Traditionally, I've learned, fall is the best time in Texas to plant all spring-blooming annual flowers and almost anything perennial, whether herbs or flowers, or shrubs like roses. This is so plants get a good time to root themselves in over the winter in order to have stronger growth in spring before the heat sets in. It's when I sow all my wildflowers as well. I've learned the hard way that I don't live in a climate where I can sow many seeds outdoors after frost, as most seed packets inform you to do. Spring here is just too short, and by the time a plant starts germinating it won't have a change to bloom. My first year of gardening I tried this with several poppies, and they grew all right and started shooting out leaves but at the first hot day most of them began to choke.
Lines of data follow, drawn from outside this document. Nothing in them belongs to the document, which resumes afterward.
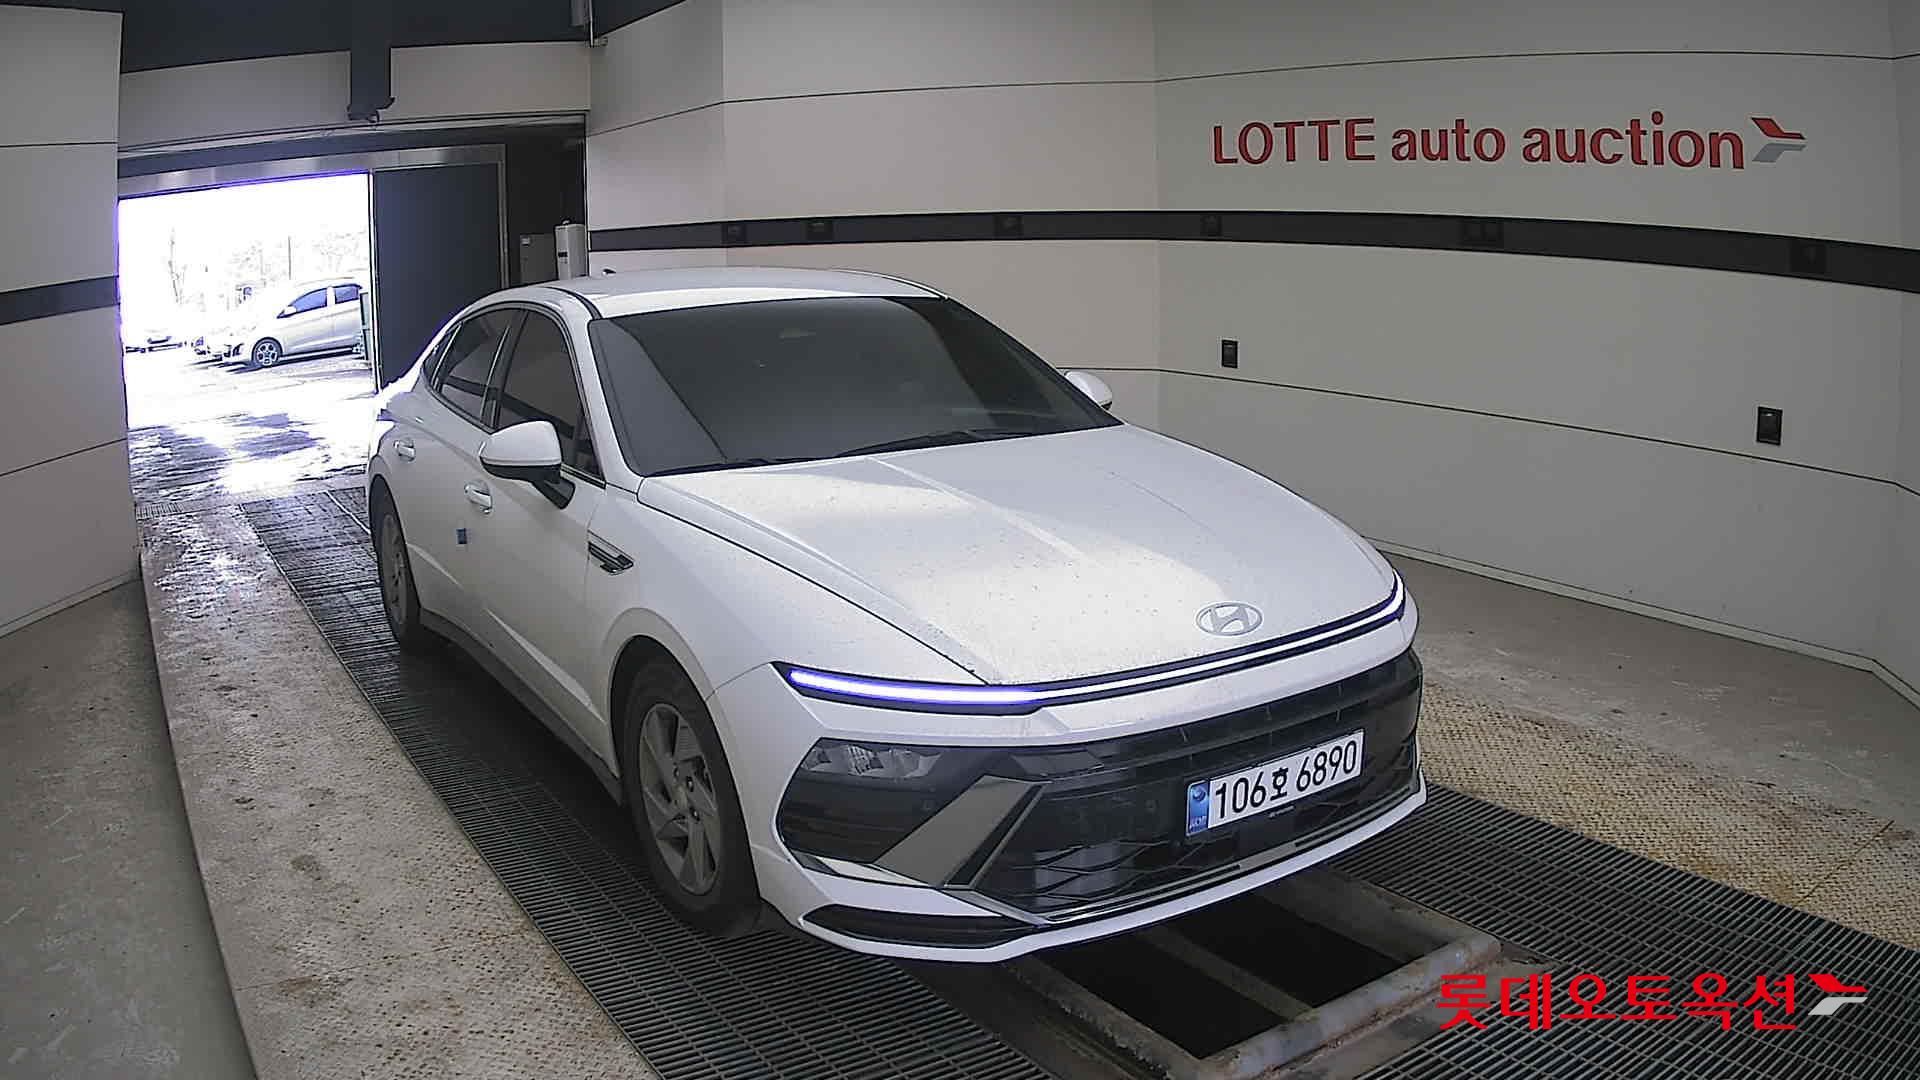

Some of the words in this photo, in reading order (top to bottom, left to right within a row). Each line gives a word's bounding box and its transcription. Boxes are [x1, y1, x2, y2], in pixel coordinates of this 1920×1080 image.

[1212, 117, 1376, 164] LOTTE
[1392, 118, 1506, 162] auto
[1522, 110, 1745, 169] auction
[1215, 767, 1289, 819] 106호
[1296, 740, 1357, 792] 6890
If I could offer one piece of advice to a new Texas gardener, it would be to sow most of your seeds in fall, so that plants have a change to grow or settle in by November. October has been the best month for me to do this. This of course doesn't include all seeds, such as summer-blooming annuals which are not winter-hardy: zinnias, cosmos, and some others.

The most difficult job, however, of this past fall, has not been all the planting and the new landscaping--it was the total lack of rain. We had about 2 good days of rain between September and November. And since Thanksgiving it's probably rained once. I picked one of the hottest and drought-iest falls to start a foundational garden.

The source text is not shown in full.